- **DIRECTIONS**
The records that follow must be repeated exactly, minus the images.
=== RECORDS FOR THE EXERCISE ===
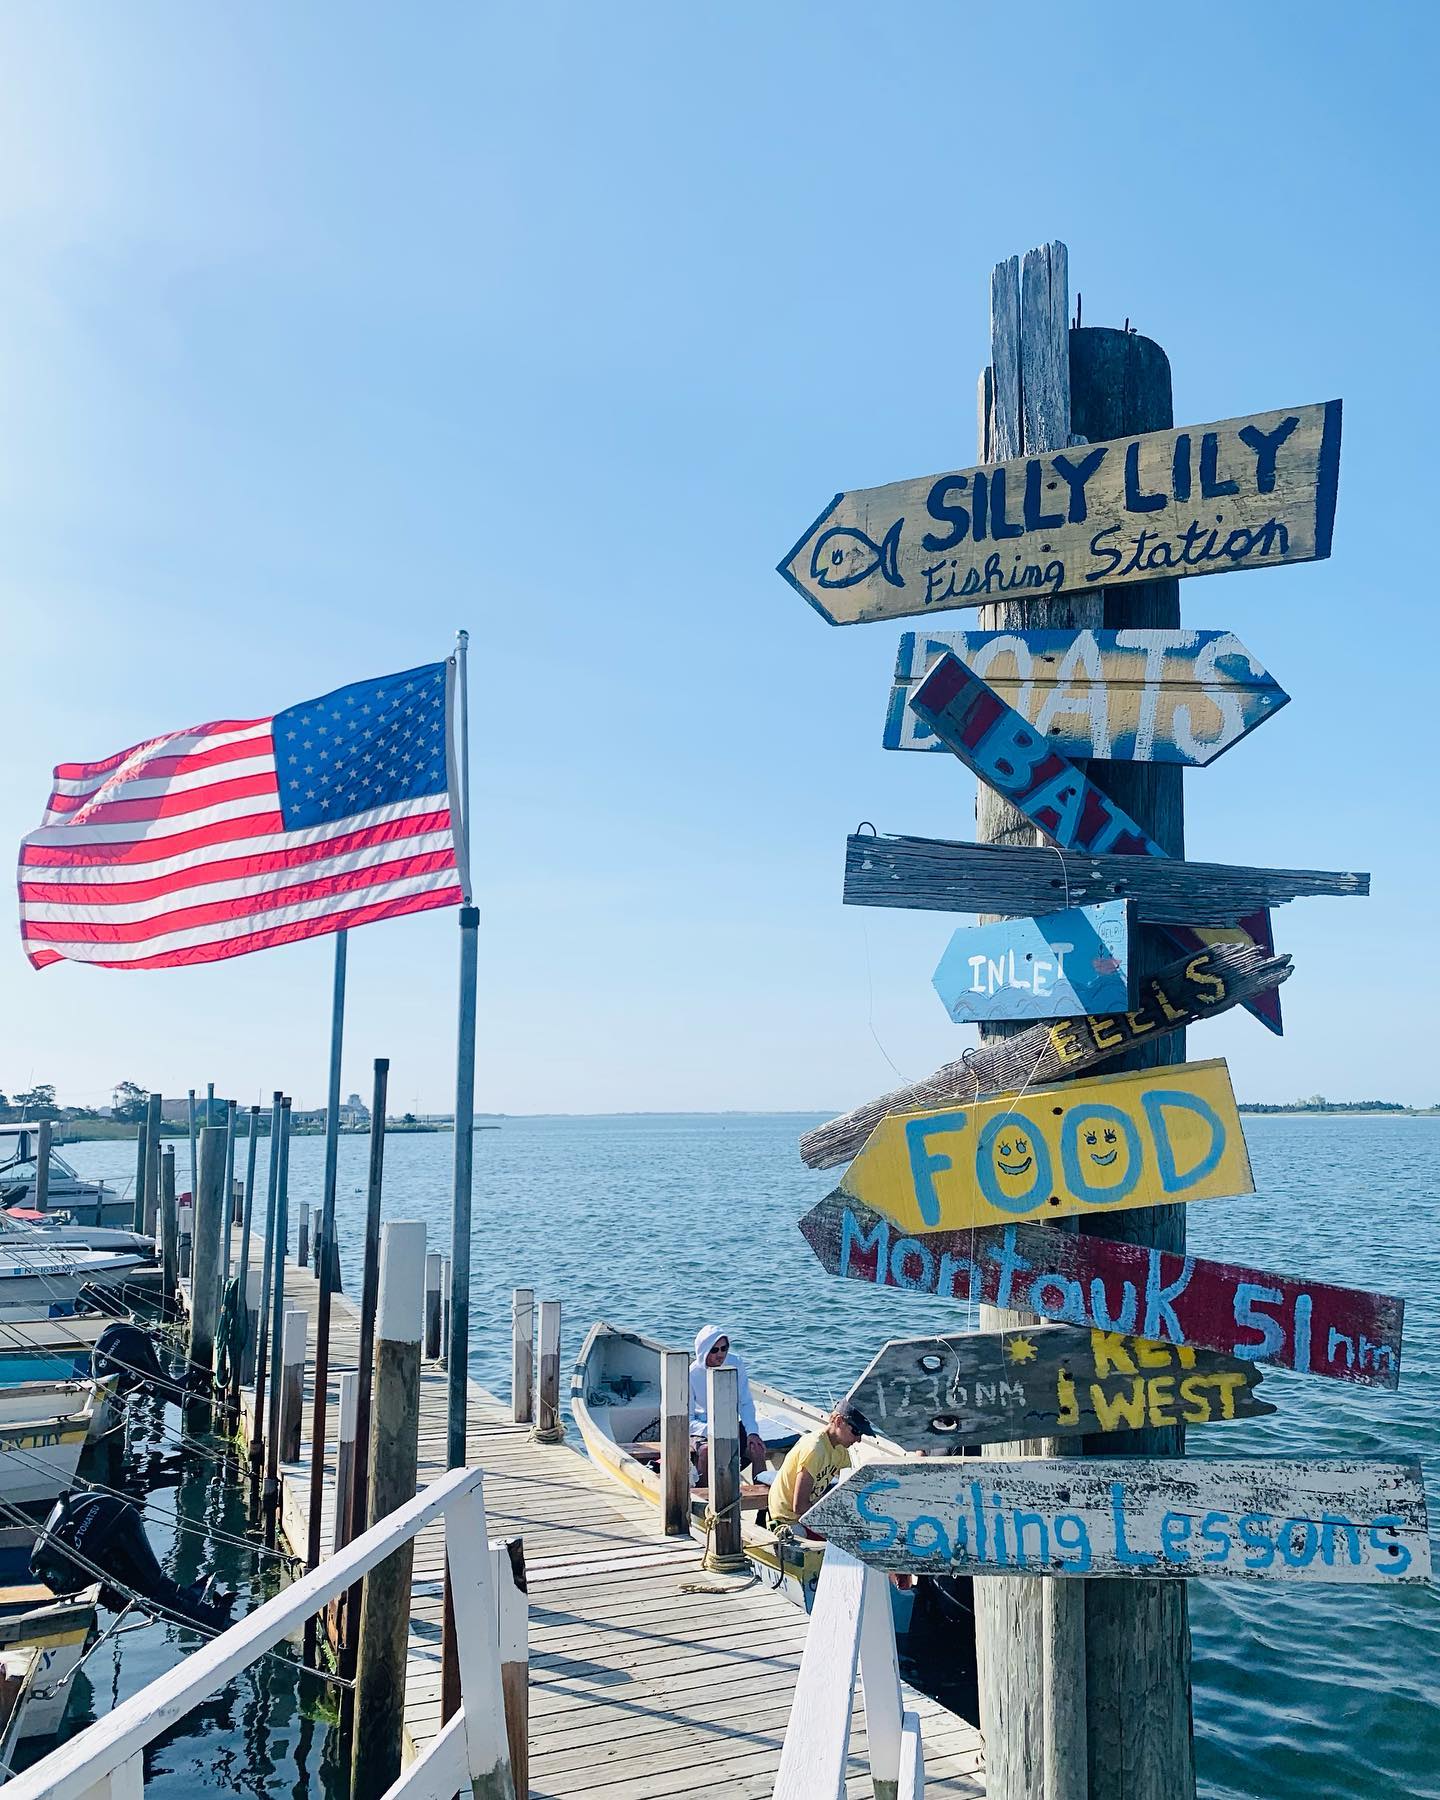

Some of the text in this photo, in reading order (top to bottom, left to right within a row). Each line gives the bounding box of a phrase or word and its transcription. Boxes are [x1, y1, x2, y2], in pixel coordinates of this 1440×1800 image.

[921, 416, 1300, 553] SILLY LILY
[920, 515, 1290, 605] Fishing Station
[900, 630, 1266, 767] BOATS
[968, 942, 1074, 997] INLET
[905, 1089, 1226, 1227] FOOD
[840, 1205, 1399, 1373] Montauk 51 nm
[1090, 1372, 1248, 1432] WEST
[76, 1504, 100, 1536] TOHATSU
[855, 1479, 1412, 1574] Sailing Lessons
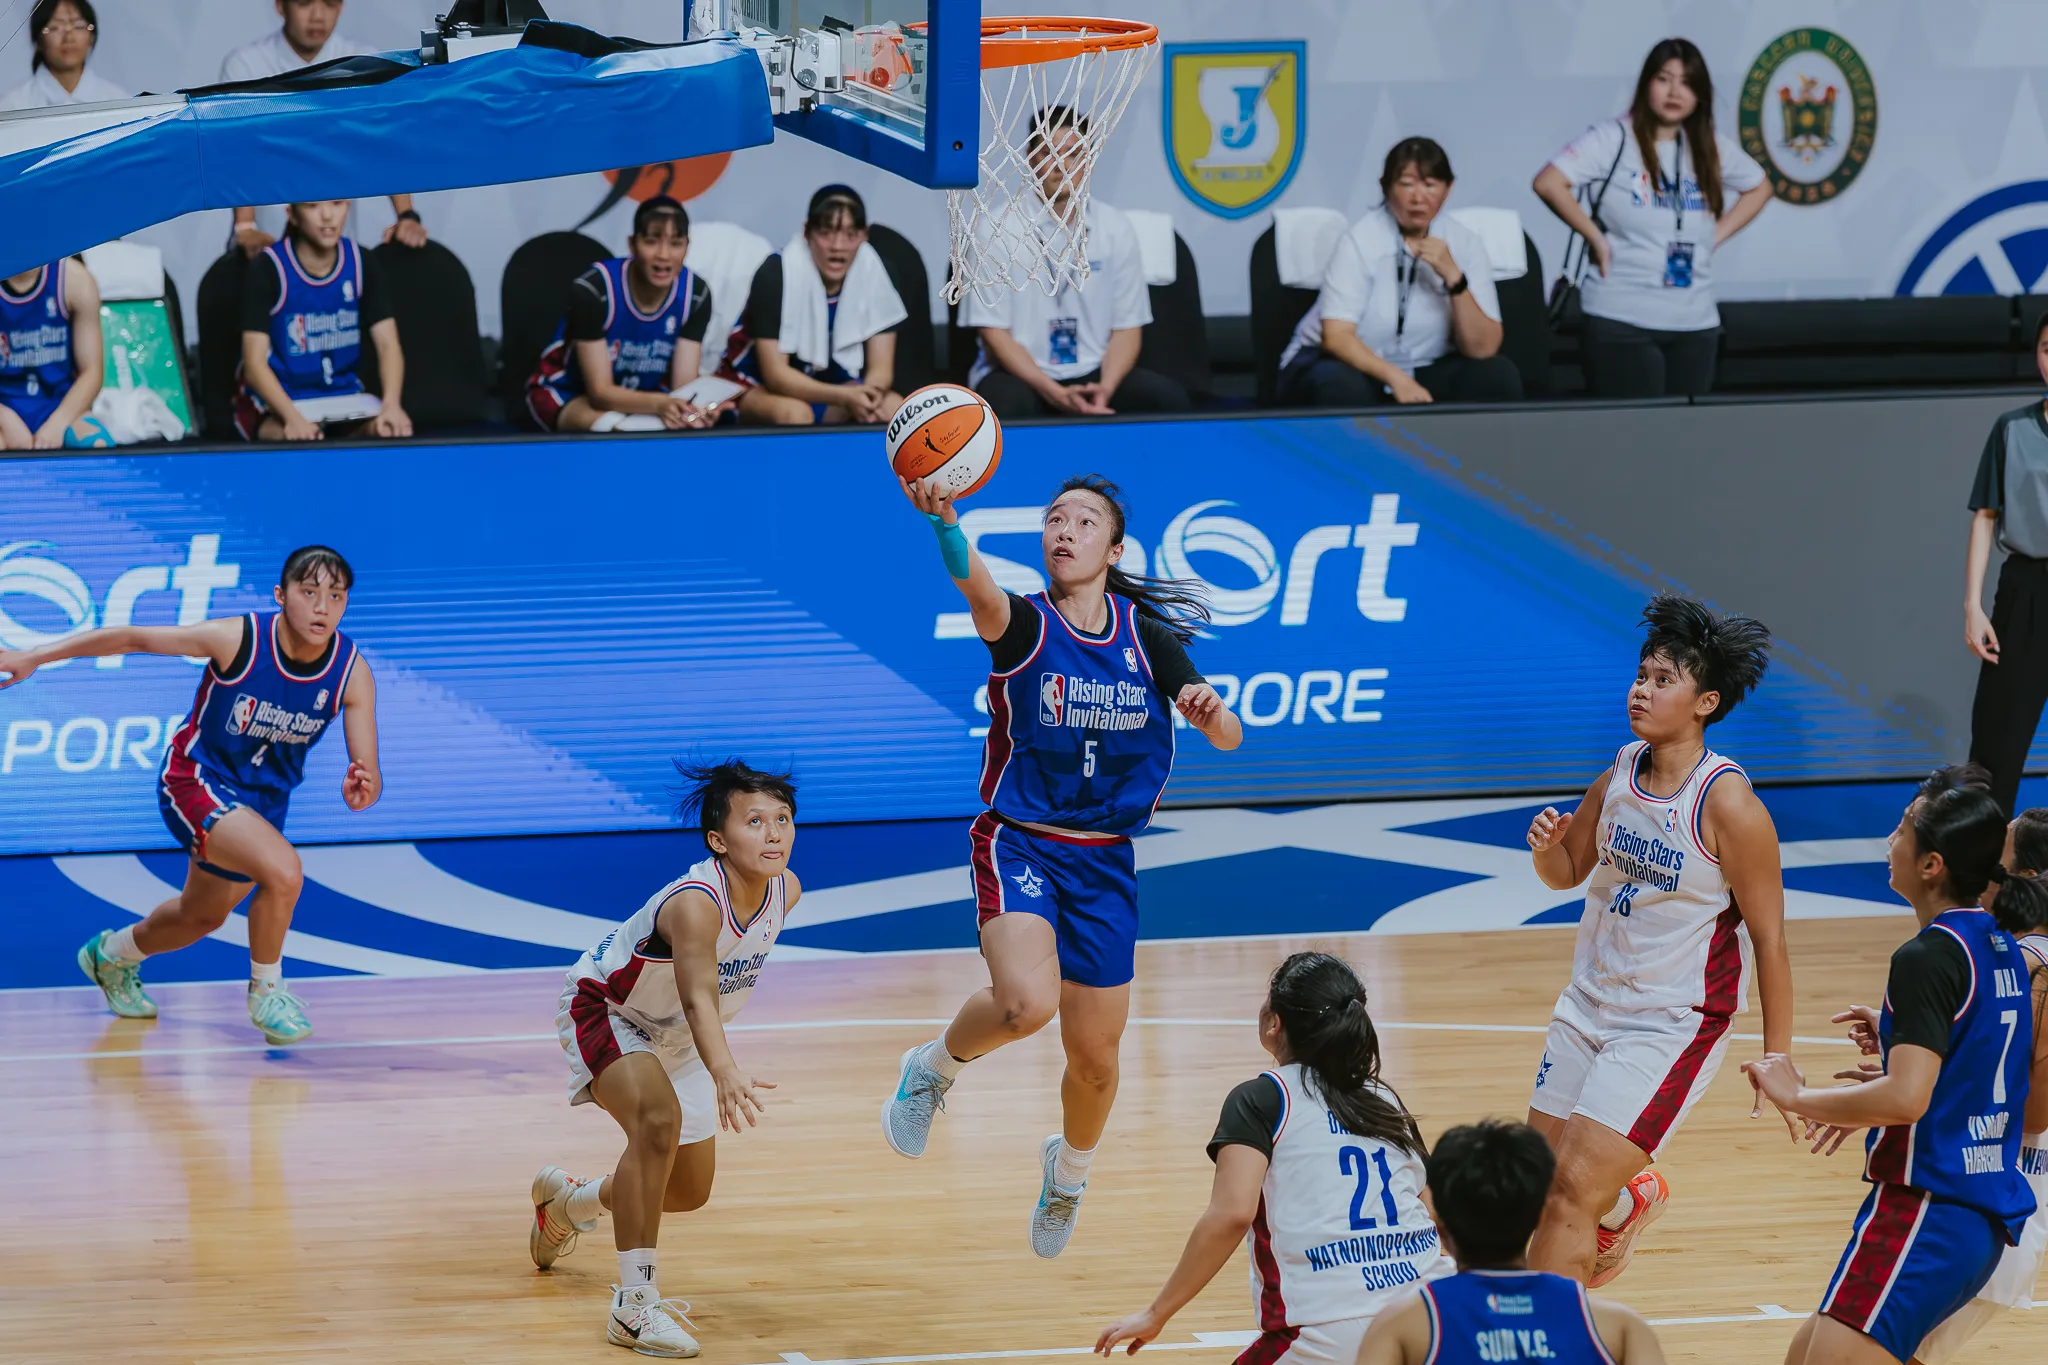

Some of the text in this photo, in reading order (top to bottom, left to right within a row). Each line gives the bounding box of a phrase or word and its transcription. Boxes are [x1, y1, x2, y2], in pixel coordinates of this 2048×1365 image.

[888, 394, 951, 443] Wilson
[1068, 676, 1147, 709] Rising Stars
[255, 700, 325, 733] Rising Stars
[1065, 703, 1149, 731] Invitational
[1083, 740, 1098, 778] 5
[1612, 824, 1684, 871] Rising Stars
[1610, 849, 1680, 892] Invitational
[1993, 1010, 2017, 1104] 7
[1339, 1145, 1399, 1231] 21
[1361, 1260, 1420, 1292] SCHOOL
[1476, 1328, 1556, 1363] SUN Y.C.
===
- **RESPONSE FOR THIS EXERCISE**
Some of the text in this photo, in reading order (top to bottom, left to right within a row). Each line gives the bounding box of a phrase or word and its transcription. Boxes are [x1, y1, x2, y2], in pixel coordinates of this 1440×1800 image.

[921, 416, 1300, 553] SILLY LILY
[920, 515, 1290, 605] Fishing Station
[900, 630, 1266, 767] BOATS
[968, 942, 1074, 997] INLET
[905, 1089, 1226, 1227] FOOD
[840, 1205, 1399, 1373] Montauk 51 nm
[1090, 1372, 1248, 1432] WEST
[76, 1504, 100, 1536] TOHATSU
[855, 1479, 1412, 1574] Sailing Lessons

Some of the text in this photo, in reading order (top to bottom, left to right within a row). Each line gives the bounding box of a phrase or word and its transcription. Boxes are [x1, y1, x2, y2], in pixel coordinates of this 2048×1365 image.

[888, 394, 951, 443] Wilson
[1068, 676, 1147, 709] Rising Stars
[255, 700, 325, 733] Rising Stars
[1065, 703, 1149, 731] Invitational
[1083, 740, 1098, 778] 5
[1612, 824, 1684, 871] Rising Stars
[1610, 849, 1680, 892] Invitational
[1993, 1010, 2017, 1104] 7
[1339, 1145, 1399, 1231] 21
[1361, 1260, 1420, 1292] SCHOOL
[1476, 1328, 1556, 1363] SUN Y.C.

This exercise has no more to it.